There are 138 properties and districts listed on the National Register in Mobile County, including 4 National Historic Landmarks. 114 of these sites, including all of the National Historic Landmarks, are located within the city limits of Mobile, and are listed here; the remaining 24 sites are listed separately.

History

Located at the junction of the Mobile River and Mobile Bay on the northern Gulf of Mexico, Mobile began as the first capital of colonial French Louisiana in 1702 and remained a part of New France for over 60 years.  The city was ceded to Great Britain in 1763, and under British rule the colony continued as part of West Florida. Spain captured Mobile during the American Revolutionary War in 1780, with the Battle of Fort Charlotte.

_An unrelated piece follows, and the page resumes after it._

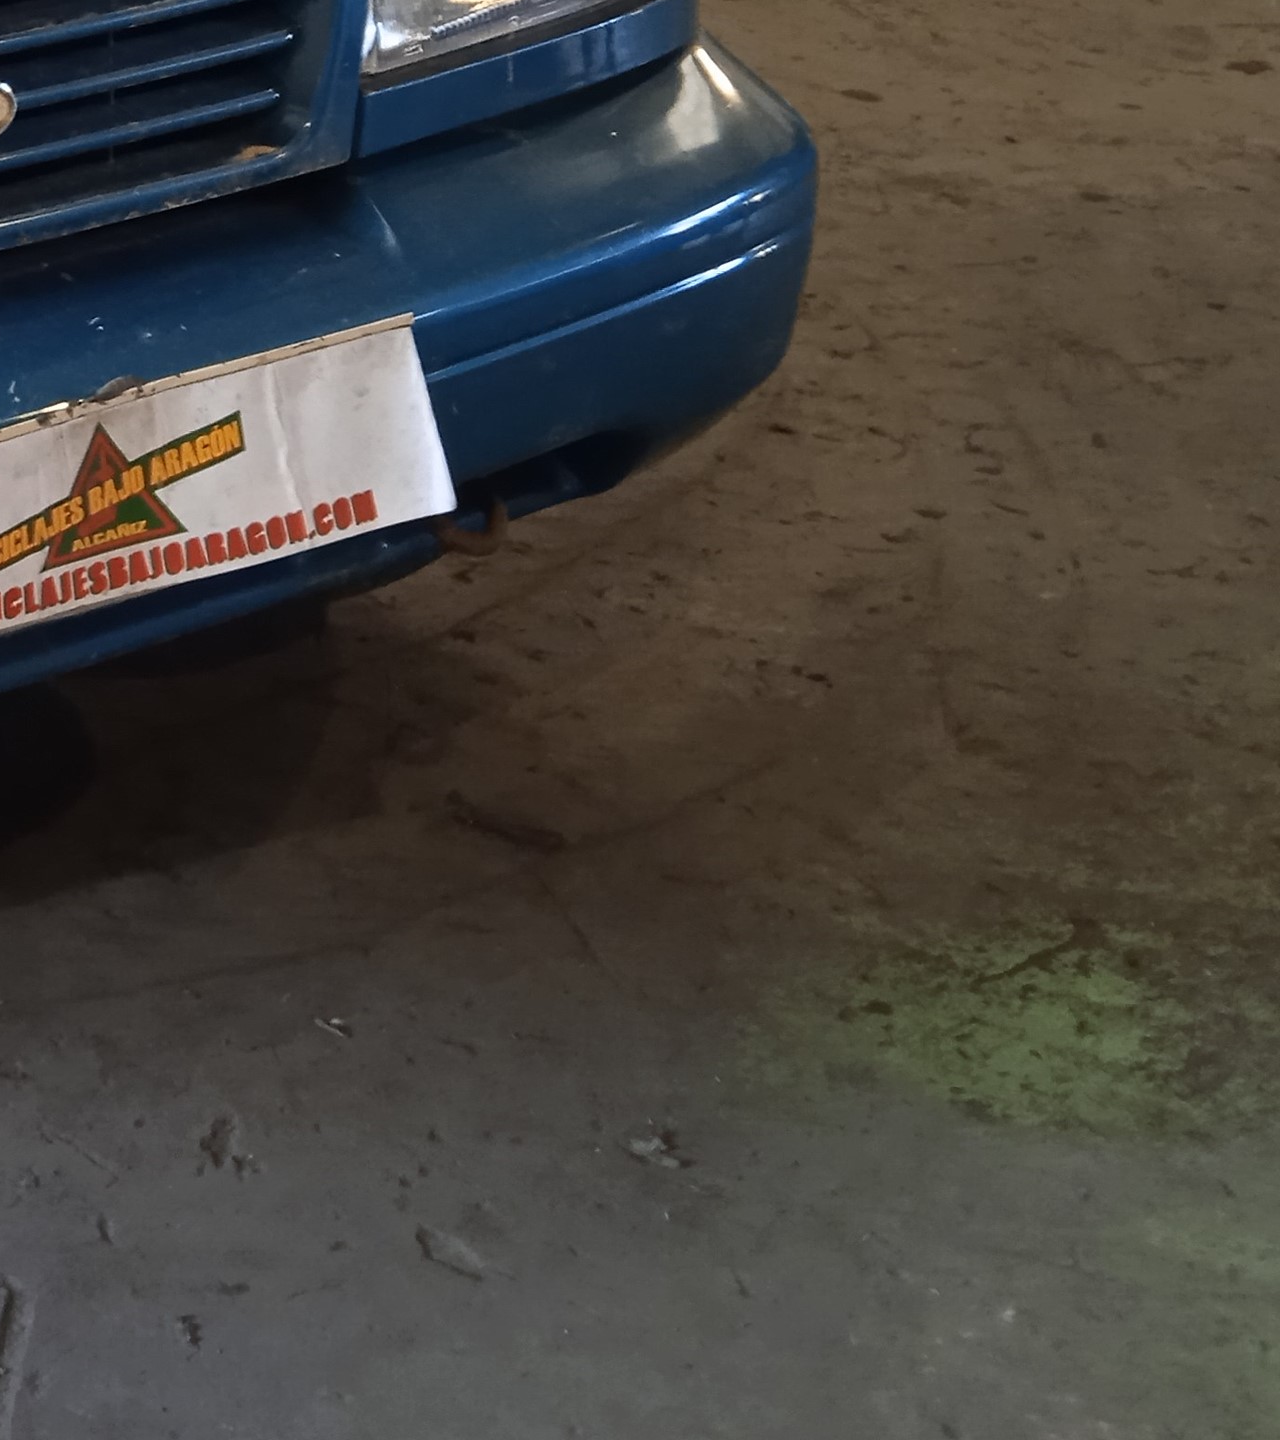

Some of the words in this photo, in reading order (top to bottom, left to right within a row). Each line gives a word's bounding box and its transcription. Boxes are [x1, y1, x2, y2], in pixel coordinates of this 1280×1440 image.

[86, 464, 145, 516] BAJO
[150, 419, 241, 486] ARAGÓN
[71, 519, 148, 553] ALCAÑIZ
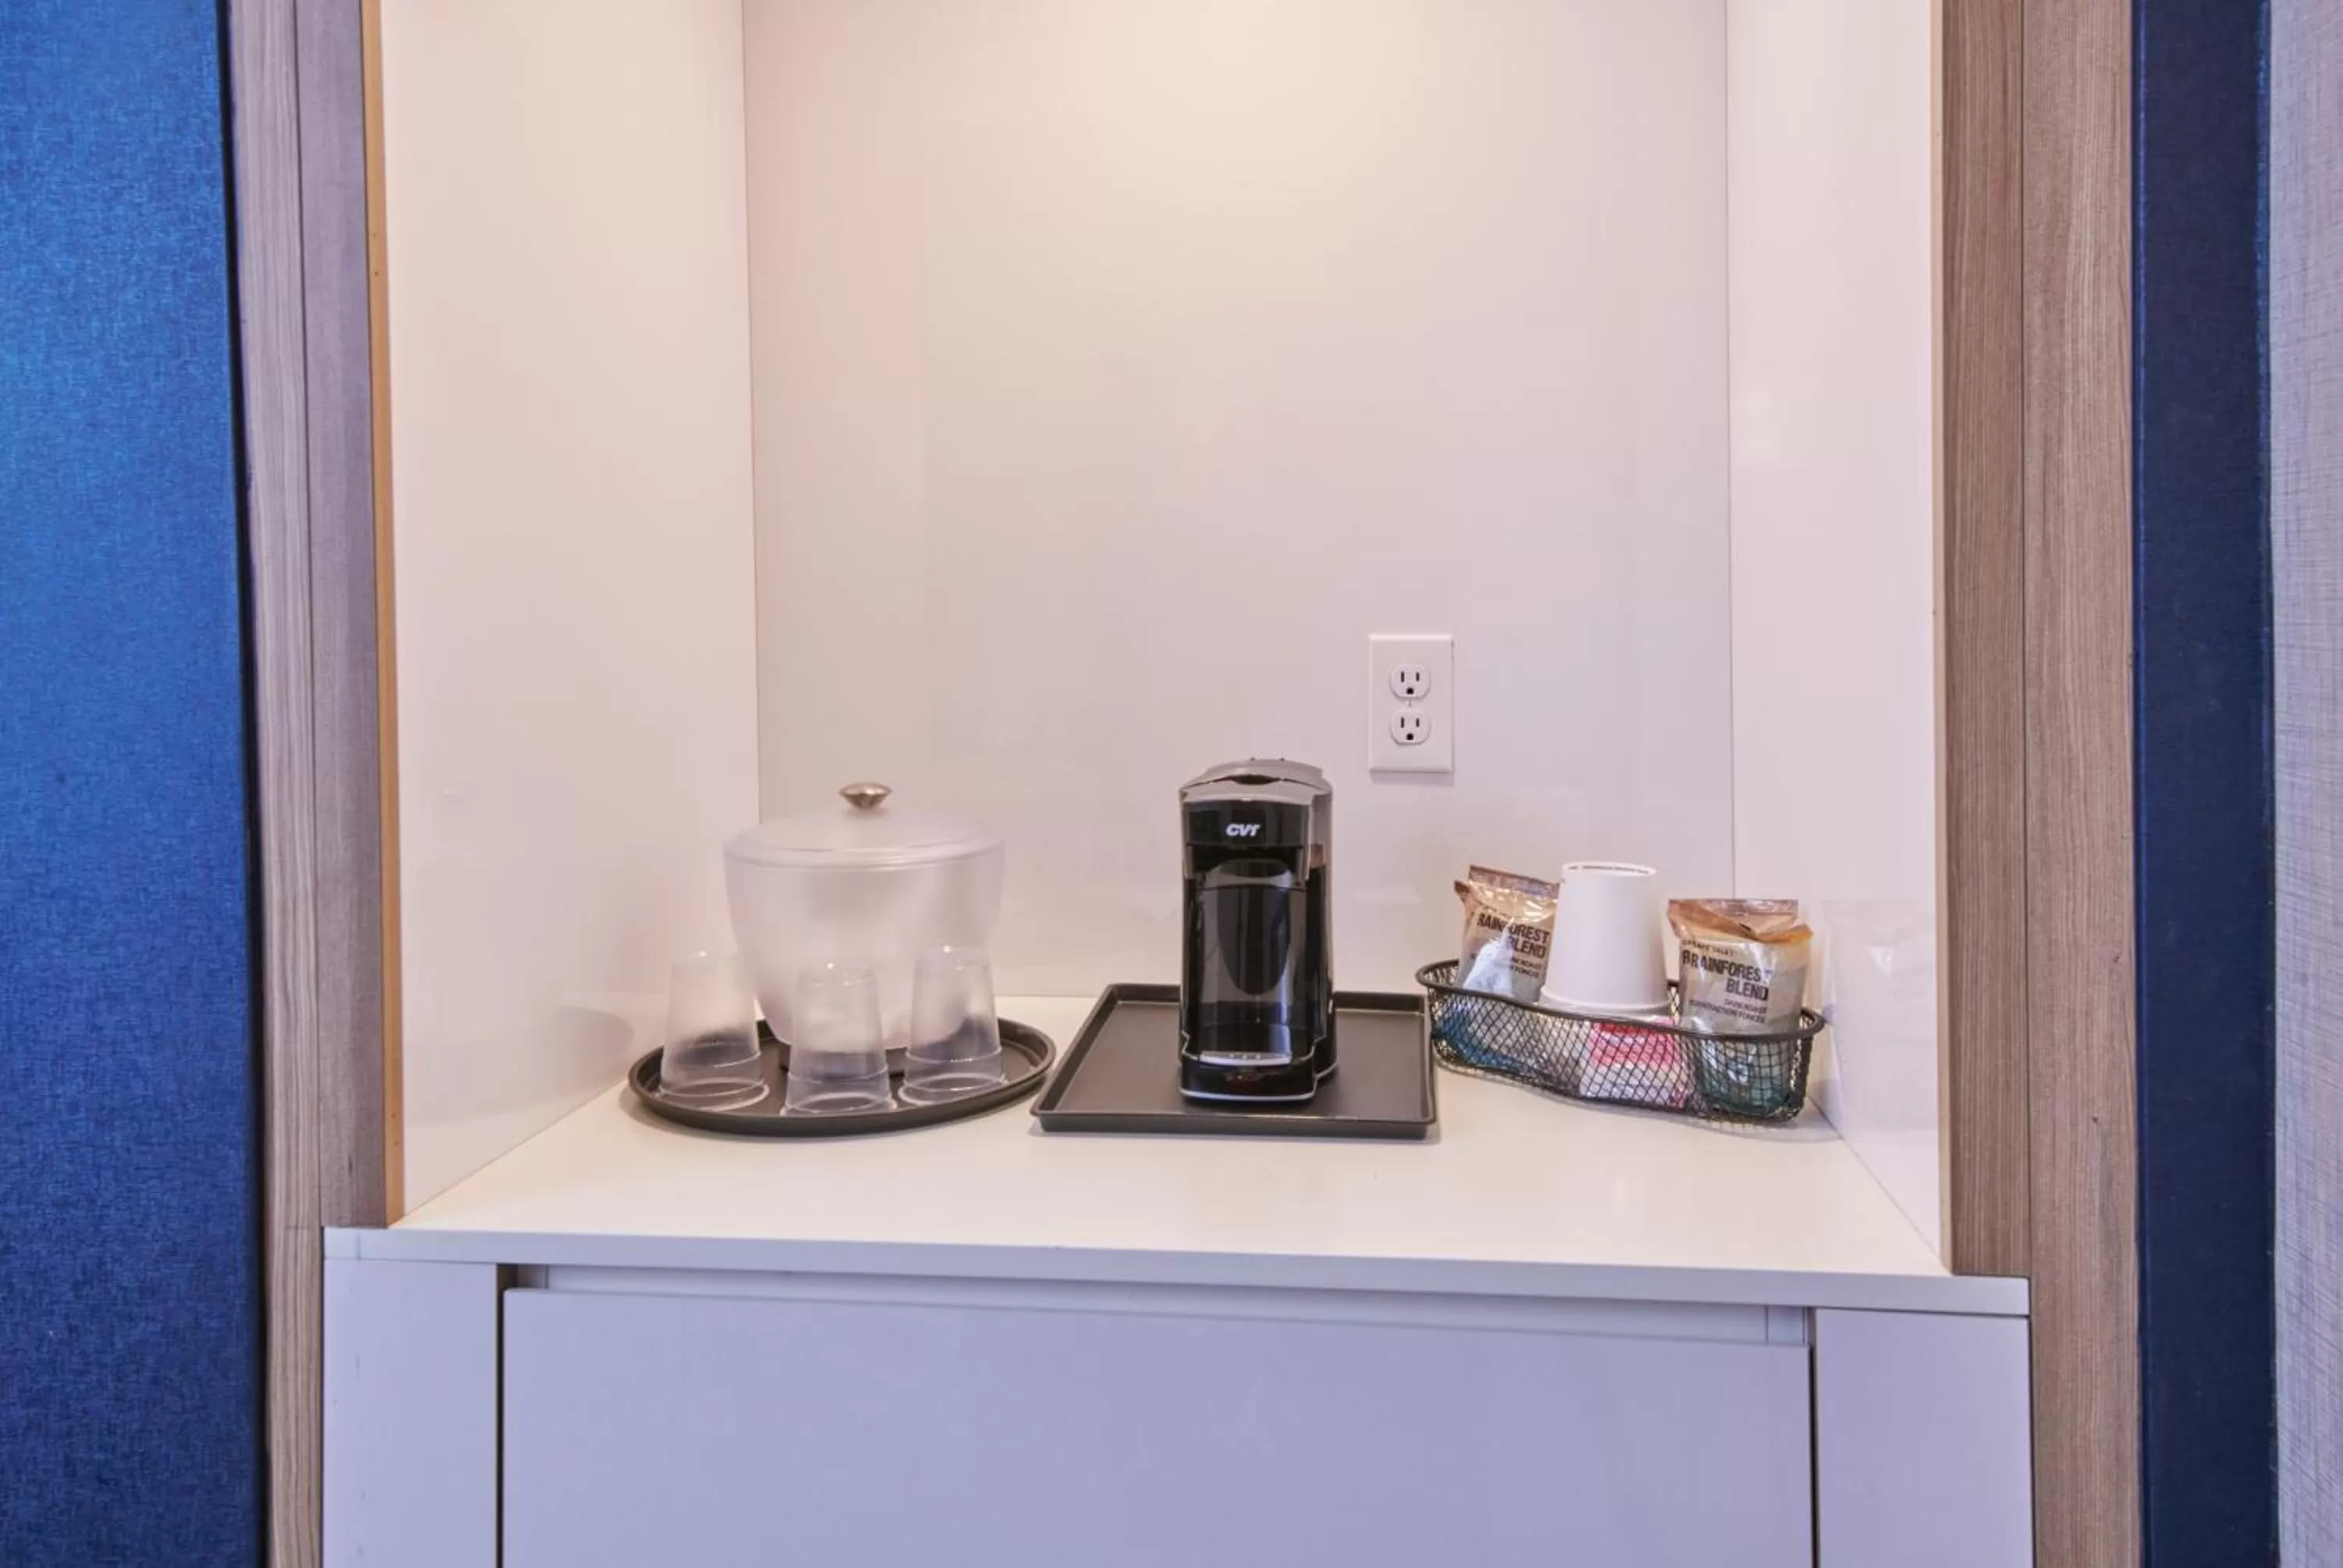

The city first became a part of the United States in 1813, following the U.S. seizure of Spanish West Florida during the War of 1812. The city and surrounding territory was first added to the Mississippi Territory. It was included in the Alabama Territory in 1817, after Mississippi gained statehood. A fire in October 1827 destroyed most of the old colonial buildings in the city, but from the 1830s onward Mobile expanded with a primary focus on the cotton trade. The city experienced another major fire in 1839 that burned a large central portion of the city and destroyed many of its finest new buildings.  On May 25, 1865, an ammunition depot explosion, termed the great Mobile magazine explosion, killed some 300 people and destroyed the northern portion of the city.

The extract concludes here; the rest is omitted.